I have a very busy search head that complains :
DistributedPeerManager - Unable to distribute to peer named slxxxxxxxxx:9089 at uri https://xxxxxxxx037:9089 because peer has status = "Down"
The messages will start in splunkd.log at 22:08:10.971 and finish at
22:09:46.994, but the message is reported about 60 times during short time period. A telnet from the SH to the indexer on 9089 shows no connectivity issues.
This has happened off and on for all indexers configured in distributed search. I am wondering if there is a setting that could be adjusted that to prevent these messages from occurring, or if there is a conf value that could be adjust to improve performance under high load. The SH is 10vpcus by 32gig, and there is a high load average on the SH and indexers (lots of searches).

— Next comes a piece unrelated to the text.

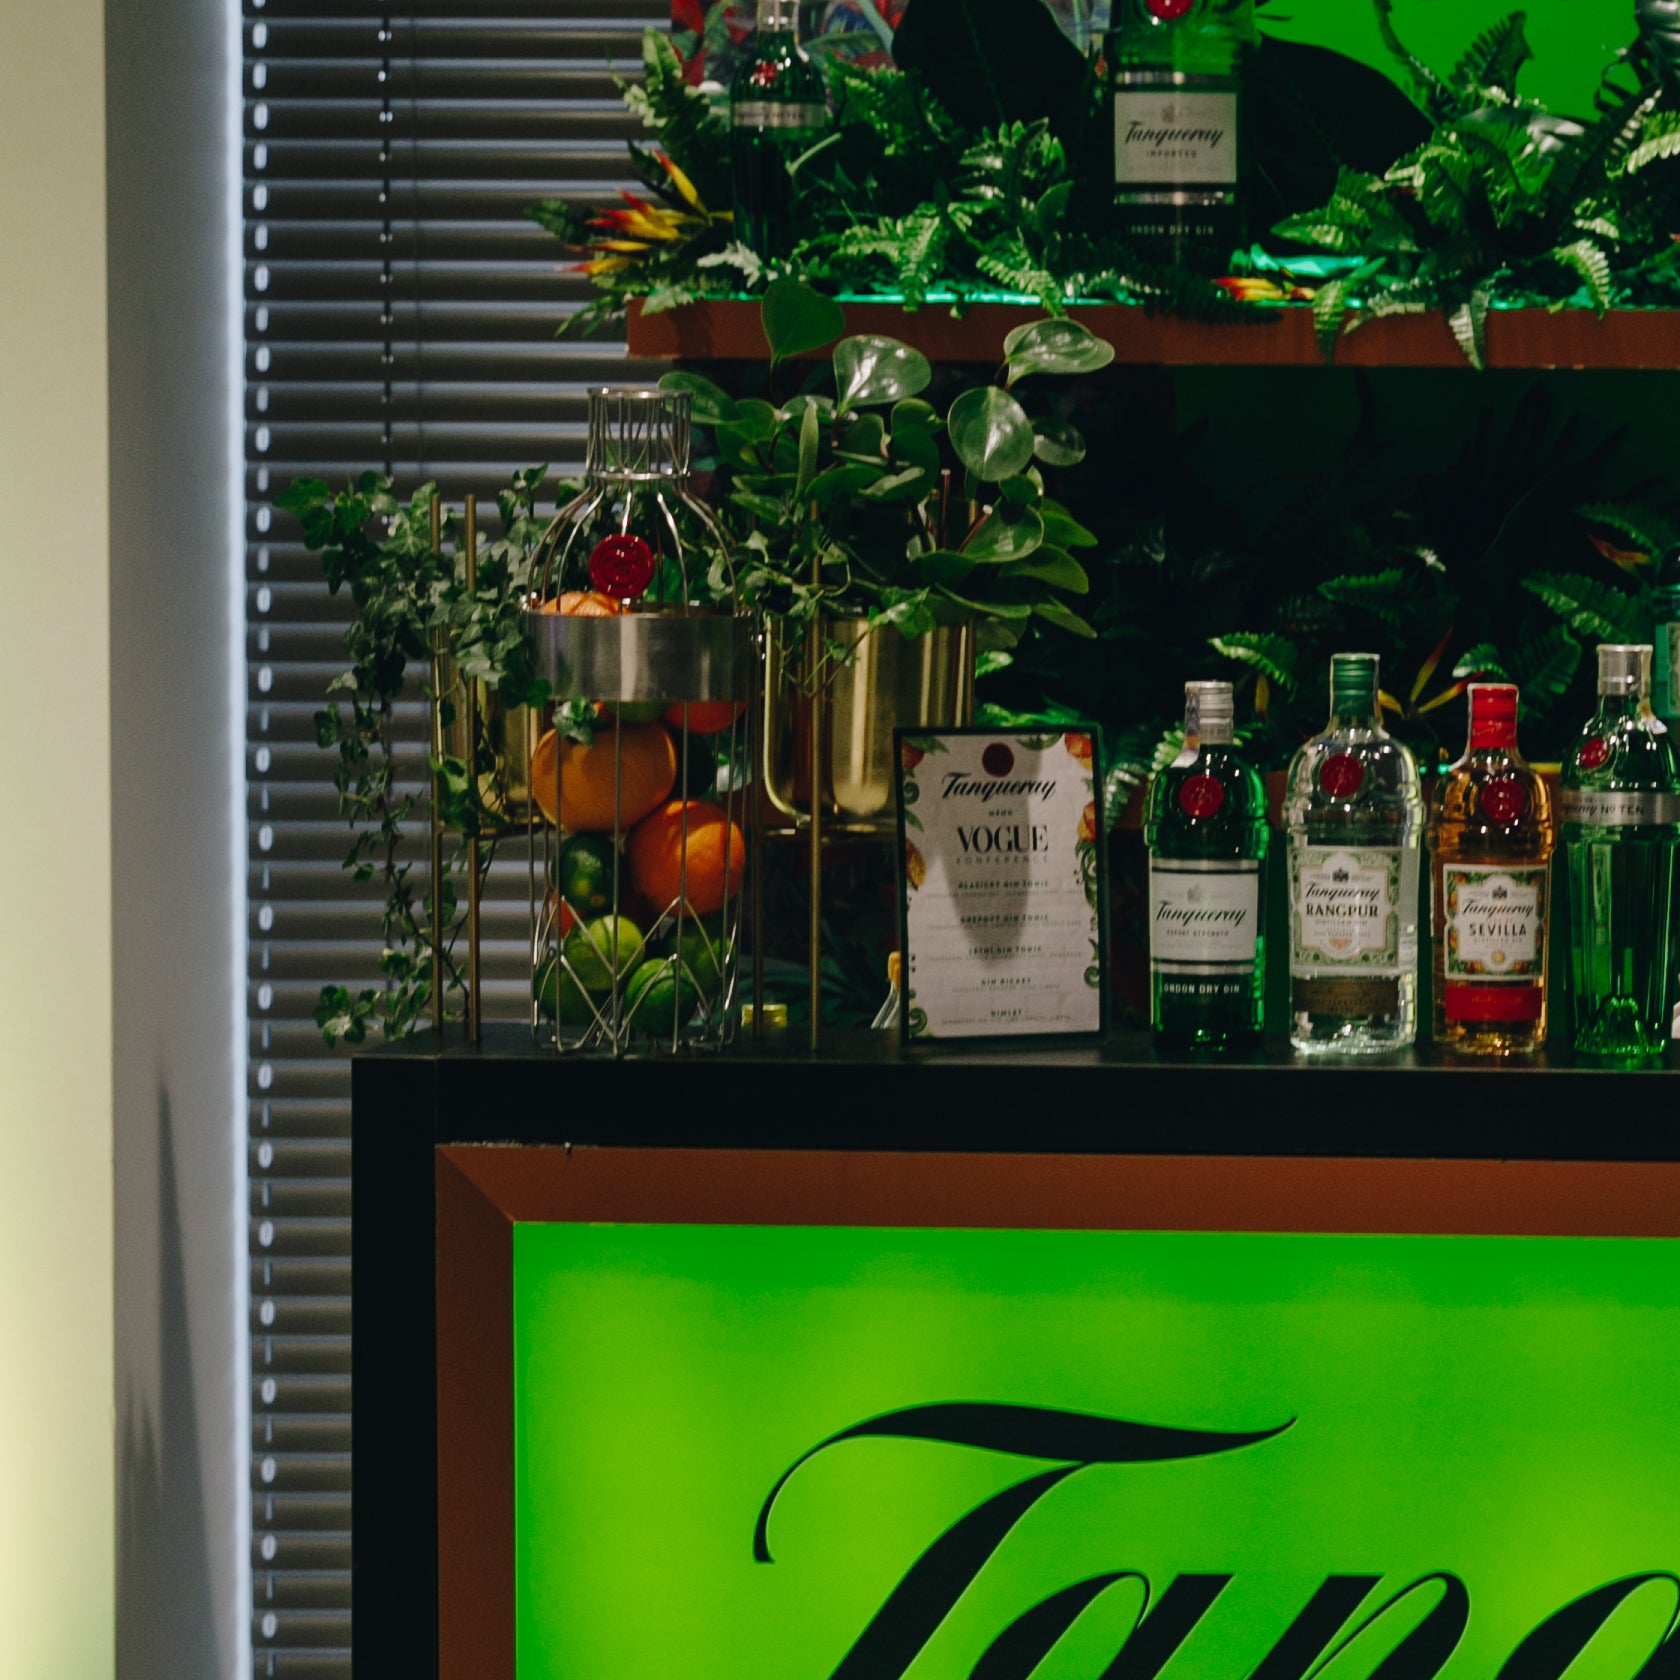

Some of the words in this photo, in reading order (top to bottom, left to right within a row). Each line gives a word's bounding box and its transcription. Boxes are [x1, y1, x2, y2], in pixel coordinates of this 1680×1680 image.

There appears to be no negative impact to the messages, since searches are working. Users are not reporting any issues.
Hi lisaac, Based on the busyness of the hosts involved in the search, it seems reasonable that there could be momentary periods of high latency that could generate these messages. There are various timeout settings described in http://docs.splunk.com/Documentation/Splunk/6.3.0/Admin/Distsearchconf that could adjust the environment's expectations, for instance:
# this stanza controls the timing settings for connecting to a remote peer and
# the send timeout
[replicationSettings]
connectionTimeout = 10
sendRcvTimeout = 60
Did this start happening after a recent 6.3 upgrade? What platform are you running?
I've seen this message recently too following my 6.3 and some new app installs.